In their press release, the MTA is touting is “the next generation” of the See Something/Say Anything ad campaign. No longer content with bragging about the 1944 people who bothered to say anything, the MTA is again pushing the message that unattended packages should be viewed suspiciously. Korey Kay & Partners, the ad campaign contracted to product the creative, has released a few television commercials (here, here and here) and new placards and print ads.
The ads are very reminiscent of the first generation placards. Again, the MTA is focusing on something — a box, a backpack, a suitcase — that is alone on a platform unattended. No one is around to notice it; no one is around to claim it as his or her own. It’s minimalism at its finest.
“The security of our customers is our paramount concern,” MTA Executive Director and CEO Elliot Sanders said. “These new ads remind our customers not to be complacent about what they see around them. They also reinforce the important role our customers play in ensuring the safety of transit users throughout the entire MTA system.”
The MTA also informs the world in their press release that they’ve licensed this catchy awareness slogan to 37 other transit networks around the globe, and in fact, the authority earned a trademark in the phrase last December. But is it an effective slogan?
As I look at the ads and think about the responses the MTA has — or hasn’t — gotten as a result, I wonder if they’re driving the point home hard enough.
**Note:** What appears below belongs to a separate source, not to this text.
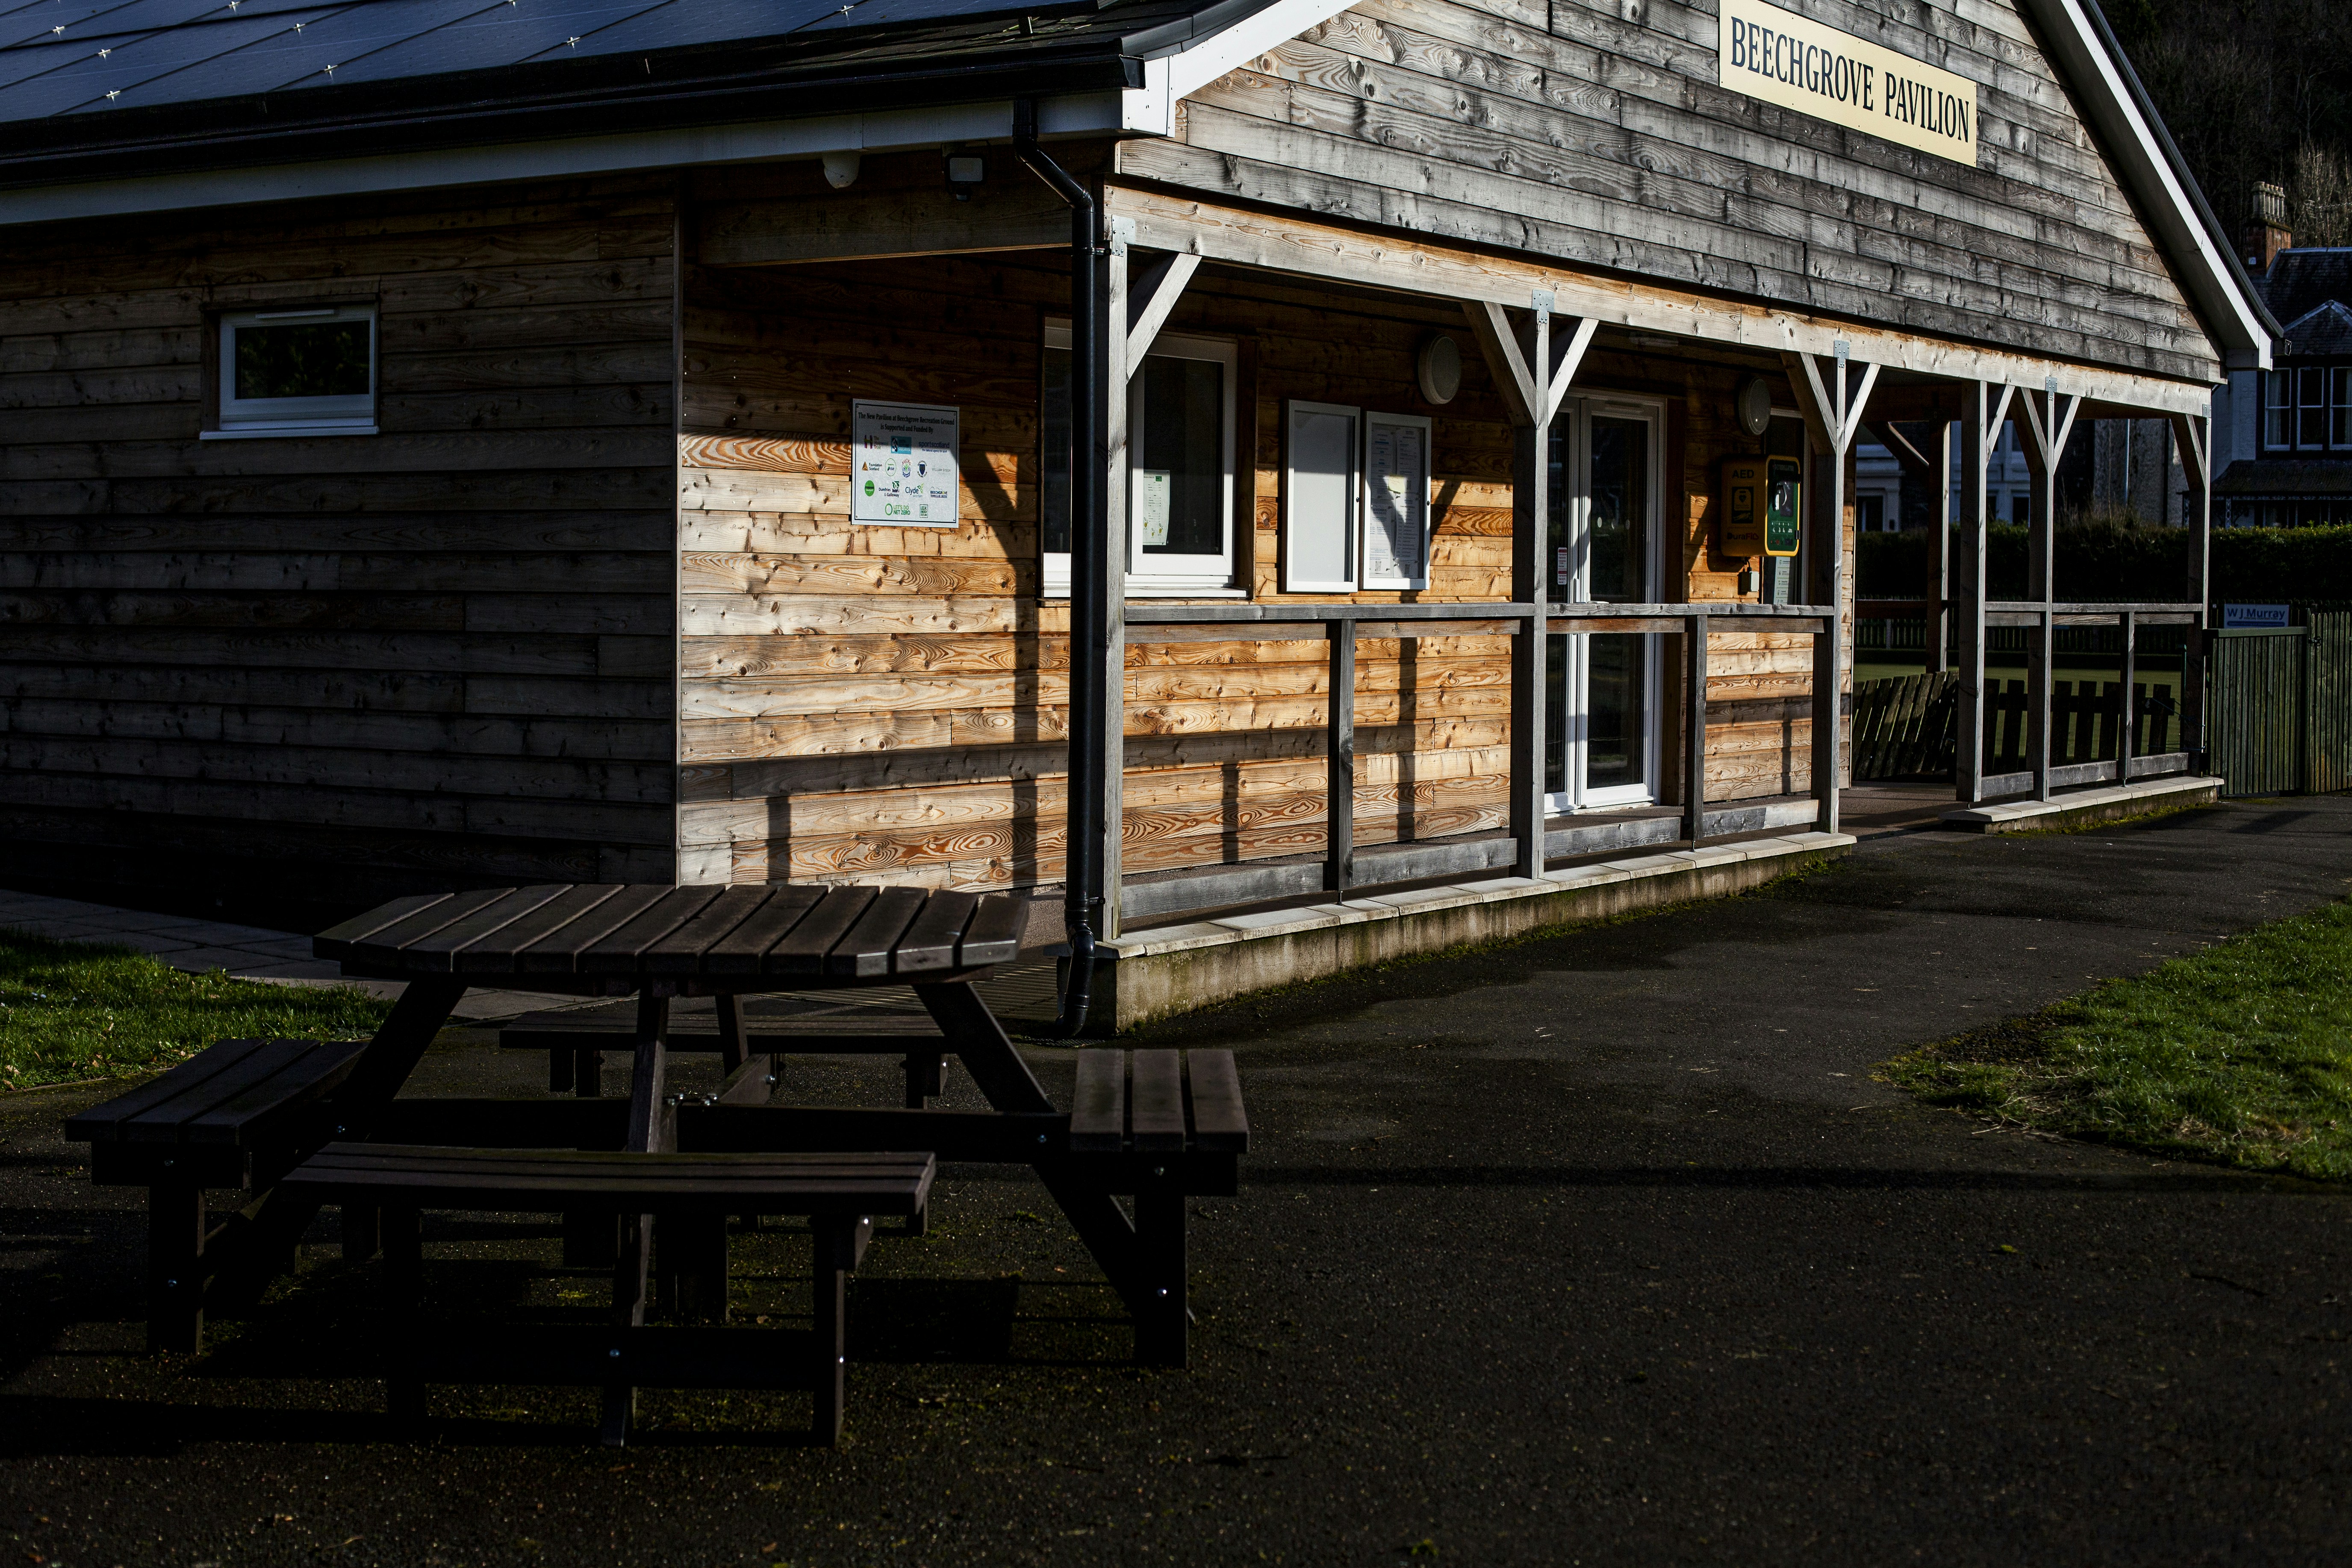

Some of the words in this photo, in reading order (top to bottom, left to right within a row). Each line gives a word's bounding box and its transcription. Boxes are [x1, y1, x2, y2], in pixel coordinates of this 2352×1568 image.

It’s not easy to associate a forgotten bag with a potential terrorist weapon. We see forgotten bags on the subway all the time, and so far in New York, none of them have blown it. Collectively, we know it can happen; we’ve seen it, on TV and in the papers, in Madrid and London. But those images seem remote to us in New York City where, seven years after the World Trade Center attacks, our city has that false aura of impermeability around it again.
The MTA can’t use scare tactics to convince its customers to report any potential package. With a vast, open system filled with easy access points, due diligence on the part of the riders is a necessity for any anti-terror efforts. But perhaps it’s time to refresh the old “If you see something, say something” refrain. It’s old hat by now, and if it’s one thing New Yorkers manage to look past, old hats are it.